Embryology of the Vascular System

It is quite evident that the vascular apparatus does not independently and by itself “unfold” into the adult pattern. On the contrary, it reacts continuously in a most sensitive way to the factors of its environment, the pattern in the adult being the result of the sum of the environmental influences that have played upon it throughout the embryonic period. We thus find that this apparatus is continuously adequate and complete for the structures as they exist at any particular stage as the environmental structures progressively change; the vascular apparatus also changes and thereby is always adapted to the newer conditions. Furthermore, there are no apparent ulterior preparations at any time for the supply and drainage of other structures which have not yet made their appearance. For each stage it is an efficient and complete going-mechanism, apparently uninfluenced by the nature of its subsequent morphology. George L. Streeter (1918)

This observation made more than 80 years ago exemplifies the finest tradition of the working scientist: years of attention to the most minute details of a subject, which eventuate in the broadest and most comprehensive view of the fundamental issues. In this statement, Streeter summarizes all that needs to be said and virtually all that can be said about the development of the vascular system, save for some specific details that would only embellish the theme he has laid out.

The story of the development of the vascular system encompasses the life span of the organism. This system retains the ability to grow, change, regenerate, and add on in response to the changing needs of the tissues, from the earliest stages of embryonic life to the final breath. Thus, it supports normal growth, wound healing, and revascularization of tissues endangered by restricted flow in existing vessels, just as it supports the new growth of tumors and transiently develops a highly efficient transport and exchange system through the uteroplacental circulation during pregnancy. All this is accomplished by the opening and enlarging of preexisting vessels and the budding of new vascular growth from preexisting stem vessels. That it may eventually fail to respond to adequately supply the myocardium or the central nervous system is not as remarkable as the fact that it responds so well for so long. It seems likely that, in the embryonic and fetal history of the vascular system, there would be clues to the mysteries that surround this responsiveness throughout life. Furthermore, in the prenatal unfolding of the vascular system lie the origins of the various cardiovascular malformations to which the human organism is subject. We do not yet know whether the mechanisms of growth and the stimuli to vascularization of the embryo and fetus are the same as those that encourage and sustain the responsiveness of the vasculature in the postnatal organism.

This chapter does not attempt to review the enormous literature on the subject, and many exciting details are omitted in the interest of providing a simple narrative exposition of the high points. The organizational scheme first discusses a short history of the heart, which is simply a greatly modified blood vessel, followed by descriptions of the development of the large arteries and veins. The chapter concludes with some comments on the growth of small vessels, which, like acorns, must appear and flourish first to produce the mighty trunk and branches of the vascular tree.

Early History

An organism of a cubic millimeter or so in volume (depending on the surface area and other factors related to the effectiveness of diffusion) may thrive without a vascular system. The human embryo enjoys the elaboration of a vascular system from its earliest stages, almost as if it can anticipate that its bulk will soon require a highly sophisticated transport system. As the embryonic disk becomes recognizable, blood islands rapidly accumulate around the periphery of the disk. These isolated “puddles” begin to coalesce and communicate with one another until the embryo resembles a bloody sponge. Most prominent is the precephalic region, where the seemingly random coalescence of blood islands forms a network in the region soon to be identified as the cardiogenic plate ( Fig. 2.1 A ).

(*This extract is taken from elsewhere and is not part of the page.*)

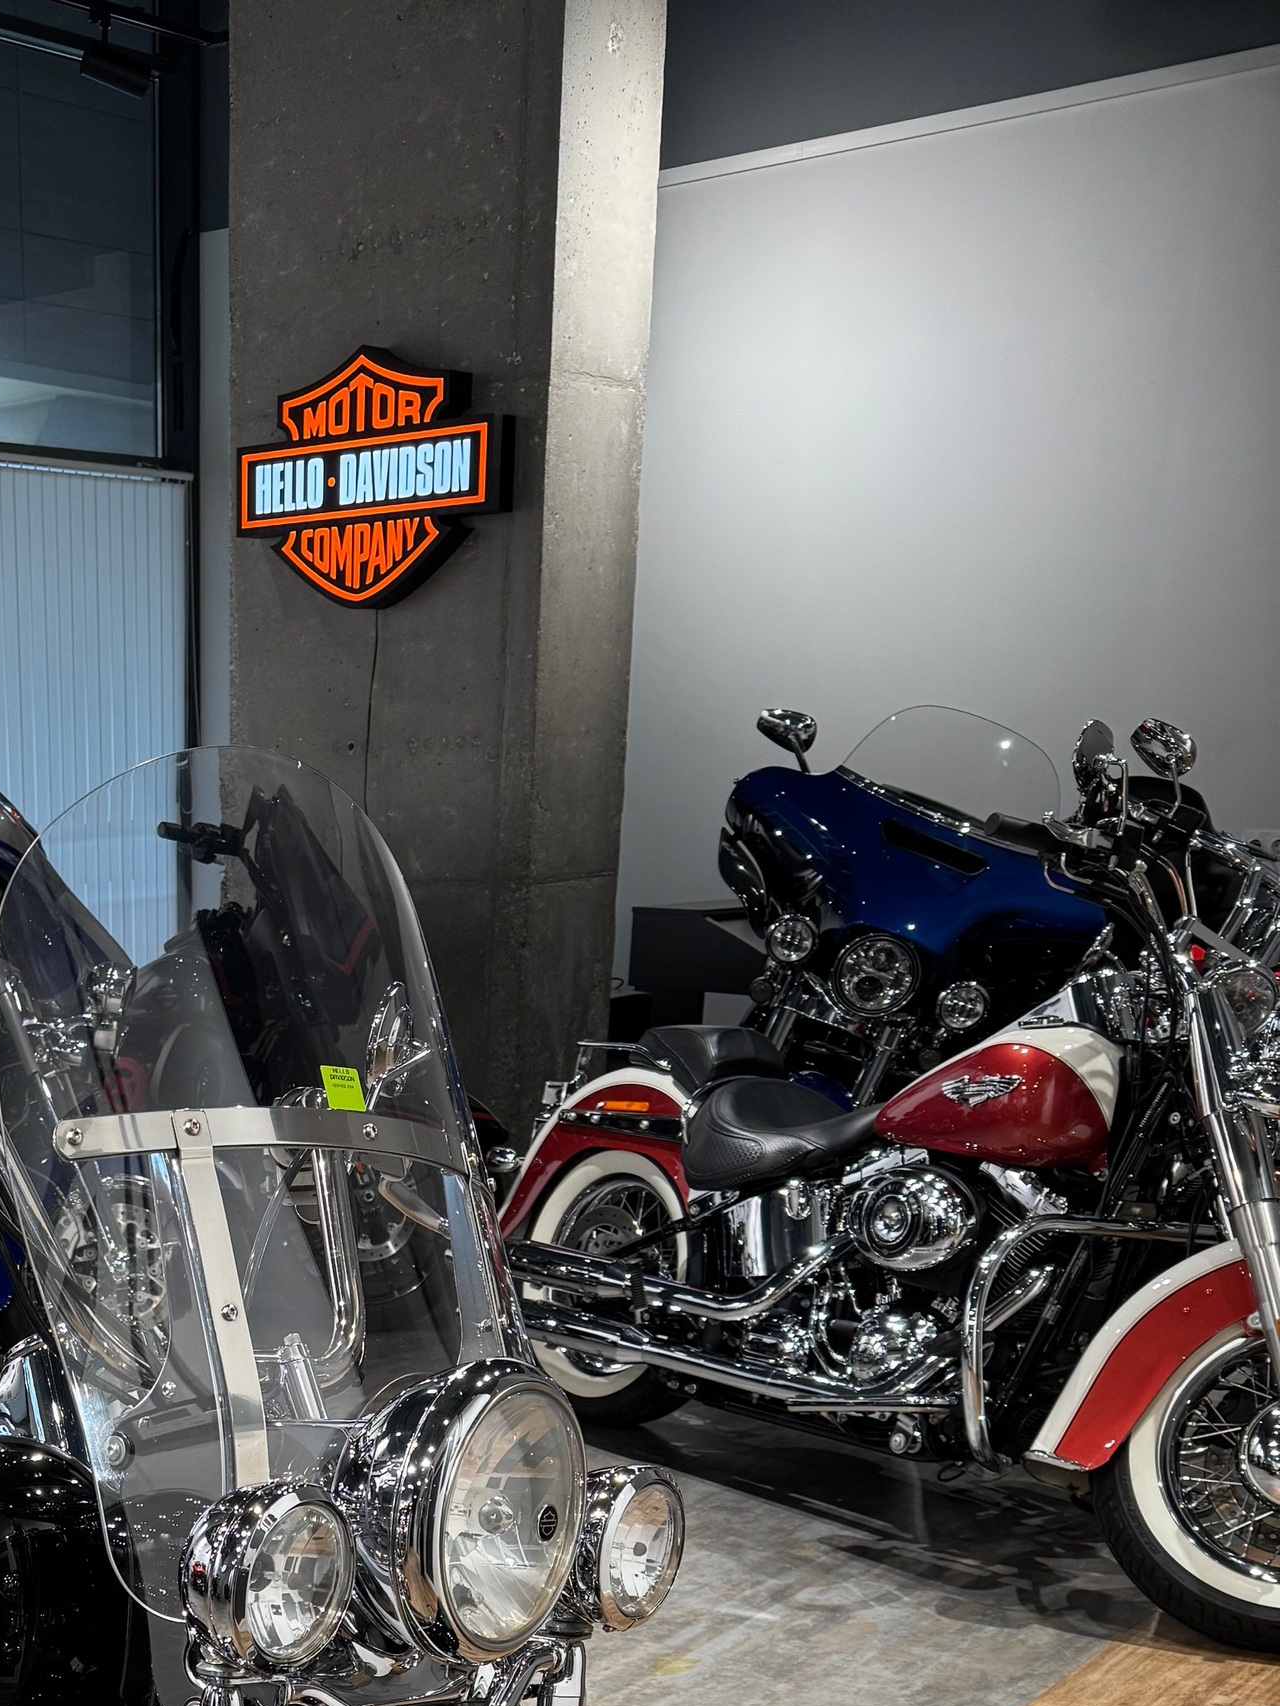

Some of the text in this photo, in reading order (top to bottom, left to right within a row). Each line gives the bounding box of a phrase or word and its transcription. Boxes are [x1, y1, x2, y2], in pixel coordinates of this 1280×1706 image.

In these earliest stages of development, the vascular system manifests some of its greatest mysteries: to what extent is the developmental pattern dictated by tissue needs and demands (possibly through the release of angiogenic factors or through stimuli provided by metabolic products), and to what extent is it dictated by factors such as extravascular pressures restricting flow in one set of possible blood channels and forcing the enlargement of adjacent alternative routes of blood flow? To what extent is the overall pattern dictated genetically? The similarity of the vascular tree from one individual to another favors the speculation that there is a detailed genetic code. The variability from one to another—each pattern seemingly equally efficient in supporting tissues and organs—argues for development according to need and use and based on mechanical and other adventitious factors.

In the case of the heart, a detailed genetic code is surely the guiding factor. Here, curiously, we begin with a parallel pair of cardiac tubes that fuse into one large tube; the latter then divides internally into the right and left hearts. At first glance, this seems inefficient. Why not simply have each original tube of the pair form a right or left heart? The reason is clear when examining the details of internal division of the heart, in which the single outflow tract is divided in such a way as to connect the right heart to the primitive vessels supplying the pulmonary circuit and to connect the remaining members of the branchial arch arteries to the left heart.